The letter feeds into previous calls by the European Commission to amend the so-called 'Schengen Borders Code' before the end of the year.

The letter says the code has no clear rules in place for when EU states are faced with a so-called "hybrid attack", meaning warfare by non-military means, or with the "political instrumentalisation" of migrants.

The European Commission has repeatedly said it will not finance fences and walls along the borders.

It maintains its stalled pact on migration and asylum offers better solutions to the current fiasco, citing proposals to rapidly screen people at the border under the gaze of an independent rights watchdog.

But that pact still needs to be agreed upon by the EU institutions - a project that could take years before it is fine-tuned and implemented.

Tom Snels, a deputy head in Johansson's cabinet, on Thursday also noted that border-crossing points needed to stay open even in emergencies.

"Even the Polish government agreed, in the council recommendation in the context of Covid, that borders cannot be closed fully and completely even with a global pandemic," he said.

And asylum seekers also qualified as "essential" travellers, he added.

Meanwhile, EU states have already started, completed, or announced plans to build walls along their outer borders.

In August, Lithuania's state border guard service proposed a €150m, 4-metre high welded wire mesh fence along its 500km border with Belarus.

Lithuanian prime minister Ingrida Šimonytė said it would be finished by September 2022.

Poland has announced a 2.5-metre high wall modelled on one built by Hungary on its border with Serbia in 2015.

And Greece has built a 40km-fence on its border with Turkey to keep out potential Afghan refugees.

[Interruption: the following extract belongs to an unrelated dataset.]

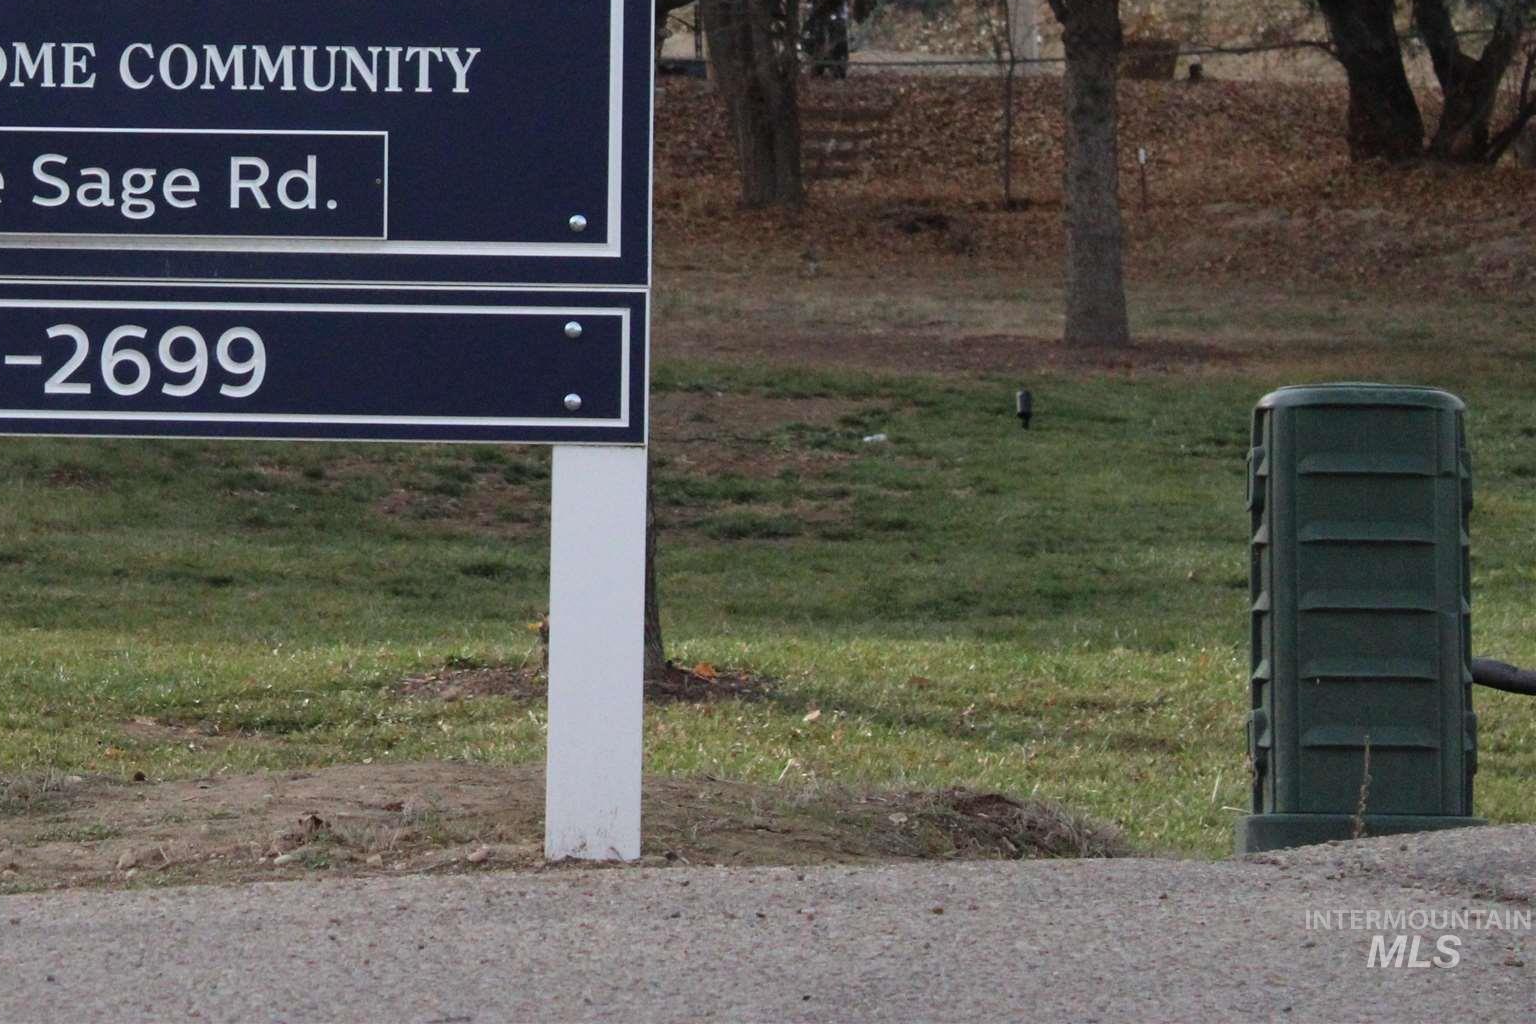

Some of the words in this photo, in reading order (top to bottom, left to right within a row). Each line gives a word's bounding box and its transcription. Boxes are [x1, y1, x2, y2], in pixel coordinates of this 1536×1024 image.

[120, 43, 480, 92] COMMUNITY
[33, 154, 199, 219] Sage
[231, 156, 337, 209] Rd.

Some Belarusian border guards have been cutting Polish barbed wire to help migrants get through, the head of Poland's ruling Law and Justice party, Jarosław Kaczyński, said at a conference in Białystock, Poland, on Thursday.

"We've already decided, also in terms of financial planning, to build a very serious barrier [on the border]. Not the kind of barrier built so far, but one which is not easy to break," he said.